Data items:

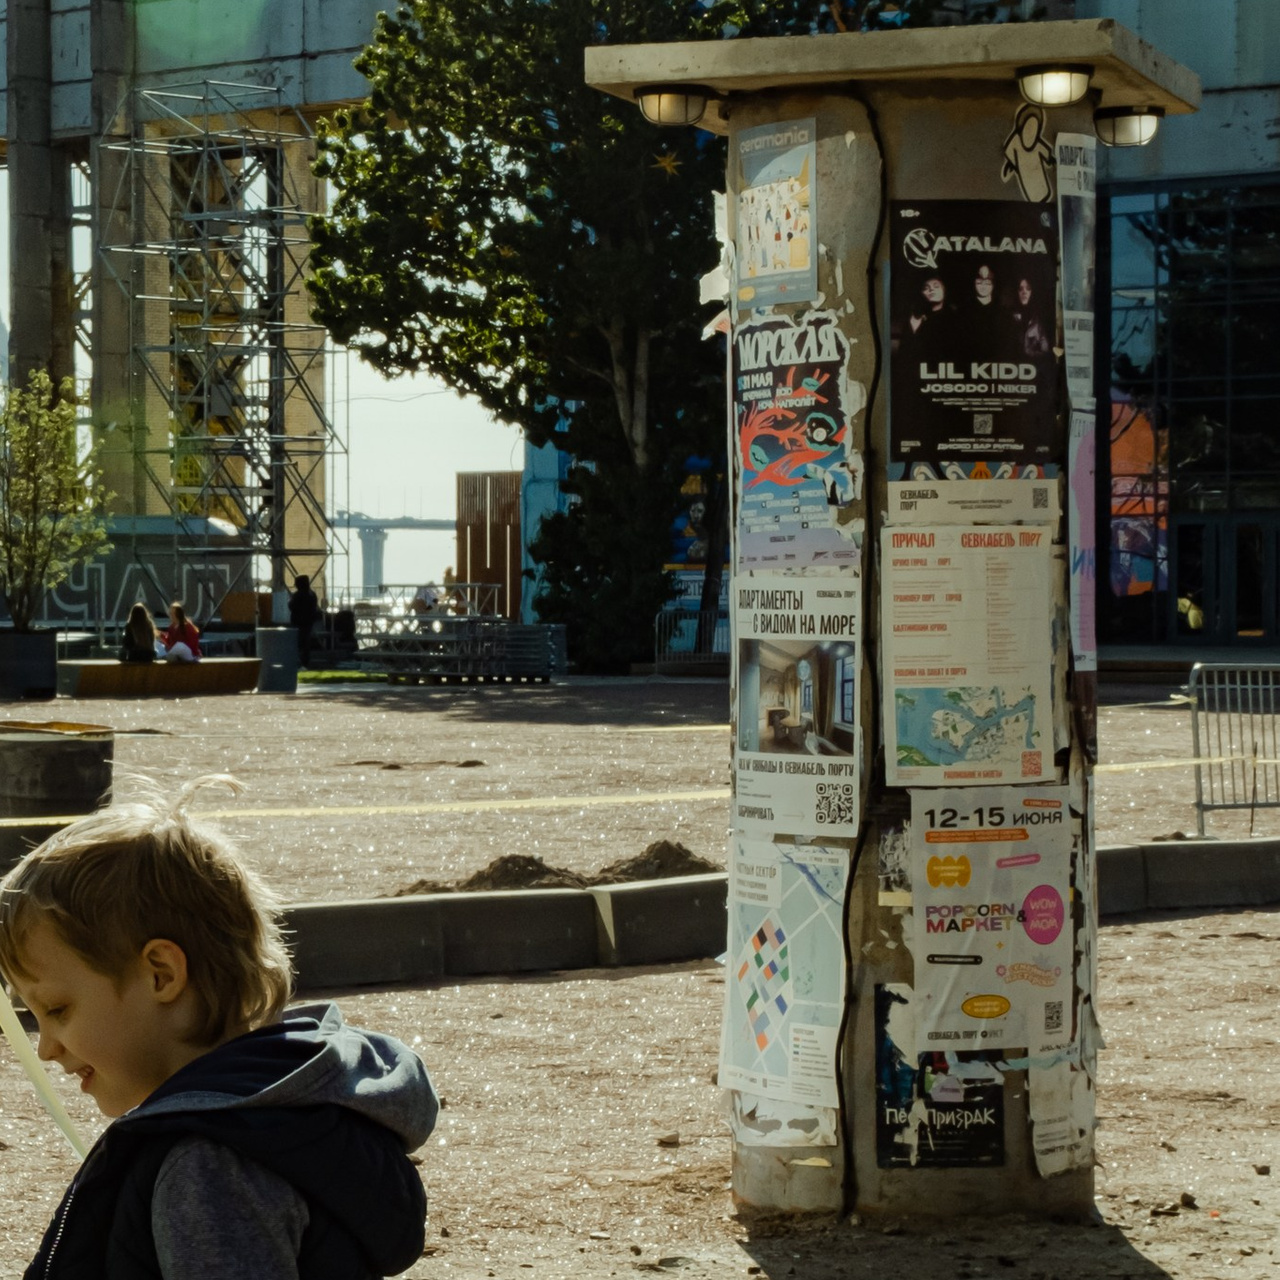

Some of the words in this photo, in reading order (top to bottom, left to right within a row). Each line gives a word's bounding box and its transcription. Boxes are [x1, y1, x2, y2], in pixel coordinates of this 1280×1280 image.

[740, 125, 809, 153] ceramania
[738, 325, 841, 371] МОРСКАЯ
[751, 371, 773, 389] МАЯ
[920, 362, 965, 379] LIL
[971, 362, 1037, 380] KIDD
[920, 384, 989, 394] JOSODO
[899, 489, 939, 500] СЕВКАБЕЛЬ
[899, 501, 918, 511] ПОРТ
[892, 533, 935, 548] ПРИЧАЛ
[961, 533, 1015, 548] СЕВКАБЕЛЬ
[1019, 532, 1043, 547] ПОРТ
[738, 589, 803, 611] АПАРТАМЕНТЫ
[753, 613, 759, 634] С
[760, 613, 797, 635] ВИДОМ
[800, 614, 816, 635] НА
[819, 614, 856, 636] МОРЕ
[784, 761, 826, 776] СЕВКАБЕЛЬ
[828, 763, 854, 777] ПОРТУ
[924, 807, 1005, 829] 12-15
[1013, 811, 1063, 826] ИЮНЯ
[925, 904, 1015, 918] POPCORN
[1016, 910, 1027, 923] &
[1029, 899, 1058, 910] WOW
[926, 916, 1014, 933] МАРКЕТ

What you are asked to do: Retype the data above exactly, dropping every picture.

Solution for this task:
Some of the words in this photo, in reading order (top to bottom, left to right within a row). Each line gives a word's bounding box and its transcription. Boxes are [x1, y1, x2, y2], in pixel coordinates of this 1280×1280 image.

[740, 125, 809, 153] ceramania
[738, 325, 841, 371] МОРСКАЯ
[751, 371, 773, 389] МАЯ
[920, 362, 965, 379] LIL
[971, 362, 1037, 380] KIDD
[920, 384, 989, 394] JOSODO
[899, 489, 939, 500] СЕВКАБЕЛЬ
[899, 501, 918, 511] ПОРТ
[892, 533, 935, 548] ПРИЧАЛ
[961, 533, 1015, 548] СЕВКАБЕЛЬ
[1019, 532, 1043, 547] ПОРТ
[738, 589, 803, 611] АПАРТАМЕНТЫ
[753, 613, 759, 634] С
[760, 613, 797, 635] ВИДОМ
[800, 614, 816, 635] НА
[819, 614, 856, 636] МОРЕ
[784, 761, 826, 776] СЕВКАБЕЛЬ
[828, 763, 854, 777] ПОРТУ
[924, 807, 1005, 829] 12-15
[1013, 811, 1063, 826] ИЮНЯ
[925, 904, 1015, 918] POPCORN
[1016, 910, 1027, 923] &
[1029, 899, 1058, 910] WOW
[926, 916, 1014, 933] МАРКЕТ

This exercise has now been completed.